Maka kita akan berbicara soal kemampuan dari aplikasi yang dibangun

Aplikasi yang dibangun wajib sustain dalam jangka panjang, baik dari sisi penggunaannya maupun pengembangan selanjutnya

Untuk memenuhi hal tersebut , sebaiknya saat sebuah Tim / Perorangan Pengembang Aplikasi memikirkan metode pengembangan apa yang tepat pada Project yang mereka jalankan

Saat membuat ataupun mengembangkan sebuah Aplikasi terdapat beberapa metode yang dapat digunakan seperti Metode Waterfall, Scrum, Agile, Extreme Programming , RAD, Spiral.

Mari kita coba bahas beberapa kelebihan dan kekurangan metode yang paling sering digunakan untuk Pembuatan / Pengembangan Aplikasi saat ini.
Sebelum lebih jauh, untuk sobat wawasanku yang ingin mempelajari kelebihan pengembangan Aplikasi berbasis web dapat dibaca di artikel ini Pengembangan Aplikasi Web,

Metode Pengembangan Aplikasi - Waterfall


Yang satu ini merupakan metode pengembangan yang paling umum digunakan.

Metode ini menitik beratkan pada pengerjaan yang sequential / berurutan satu persatu, sehingga pengembangan nya pun menjadi lebih teratur dan struktur.
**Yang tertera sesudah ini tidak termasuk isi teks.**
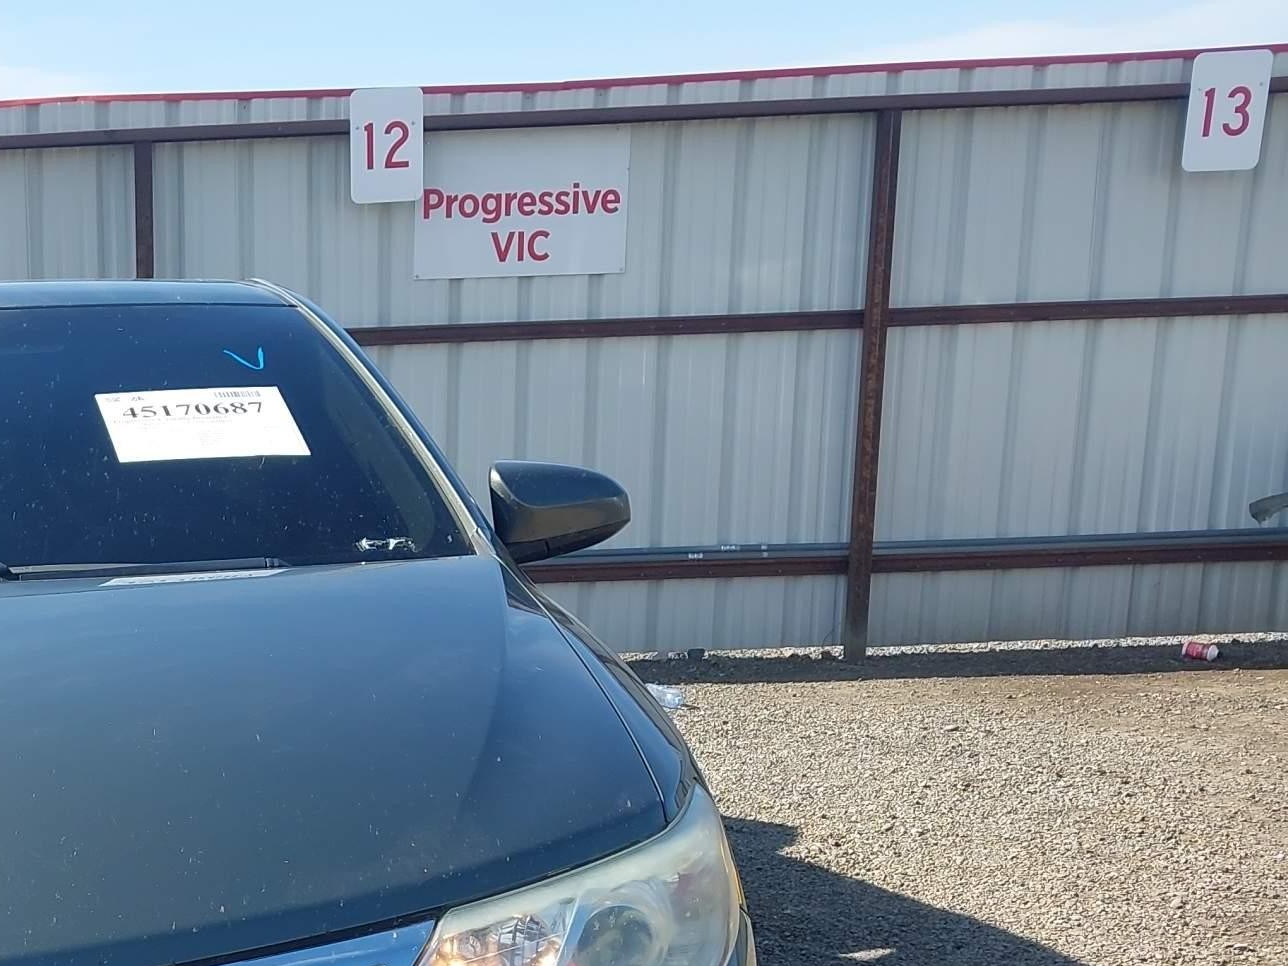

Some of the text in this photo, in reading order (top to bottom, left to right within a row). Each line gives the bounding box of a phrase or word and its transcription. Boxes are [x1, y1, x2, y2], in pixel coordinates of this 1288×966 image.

Beberapa tahapan pada metode ini, antara lain :

  1. Tahap Requirement / Analisa Kebutuhan
    • Pada Tahapan ini , kita akan menganalisa seperti apa gambaran besar dari Aplikasi yang akan kita buat atau kembangkan
    • Tahap ini akan mendokumentasikan keseluruhan requirement yang diminta oleh User/Client, dokumen inilah yang akan dijadikan blueprint acuan pengembangan program yang akan berjalan
  2. Design Arsitektur Dasar , dan Struktur Framework
    • Tahap ini akan menitik beratkan pembuatan Struktur Aplikasi secara menyeluruh baik dari sisi Template Design, Framework yang digunakan, hingga struktur Database yang akan digunakan pada pembuatan atau pengembangan aplikasi
    • Arsitektur dan Struktur framework ini lah yang akan digunakan oleh Developer untuk melakukan pembuatan atau pengembangan aplikasi
  3. Tahap Development
    • Masuklah pada tahapan Development, disini pekerjaan utama seorang tim Pembuat / Pengembang aplikasi dimulai, dimana seluruh requirement yang telah didokumentasikan diimplementasikan untuk menjadi sebuah sistem menggunakan Arsitektur dan Struktur framework yang disiapkan sebelumnya
  4. Testing
    • Tahap ini dilakukan setelah Development aplikasi telah selesai, hal ini dilakukan guna mencari bug ataupun error yang mungkin dapat terjadi saat aplikasi digunakan oleh Client/User, tahap ini memastikan hasil development adalah hasil yang terbaik sebelum diserahkan kepada Client/User
  5. User Acceptance Test (UAT)
    • Peranan User/Client ada pada tahapan ini, pada tahapan UAT user akan melakukan testing Aplikasi yang telah selesai di develop.
    • Hasil dari UAT ini akan menentukan tahap selanjutnya, apabila User menganggap "Lulus" maka Aplikasi siap untuk di Deploy dan digunakan, apabila "Tidak Lulus" maka proses tahapan akan diulang dari tahapan Development --> Testing --> UAT kembali sesuai dengan temuan yang tidak meluluskan UAT tersebut
  6. Deployment / GoLive
    • Ini adalah tahap akhir dari Metode Waterfall, yaitu Deployment dan aplikasi siap digunakan oleh User/Client

Kelebihan dari metode ini adalah pengembangan nya akan lebih terstruktur dan terdokumentasi dengan sangat baik.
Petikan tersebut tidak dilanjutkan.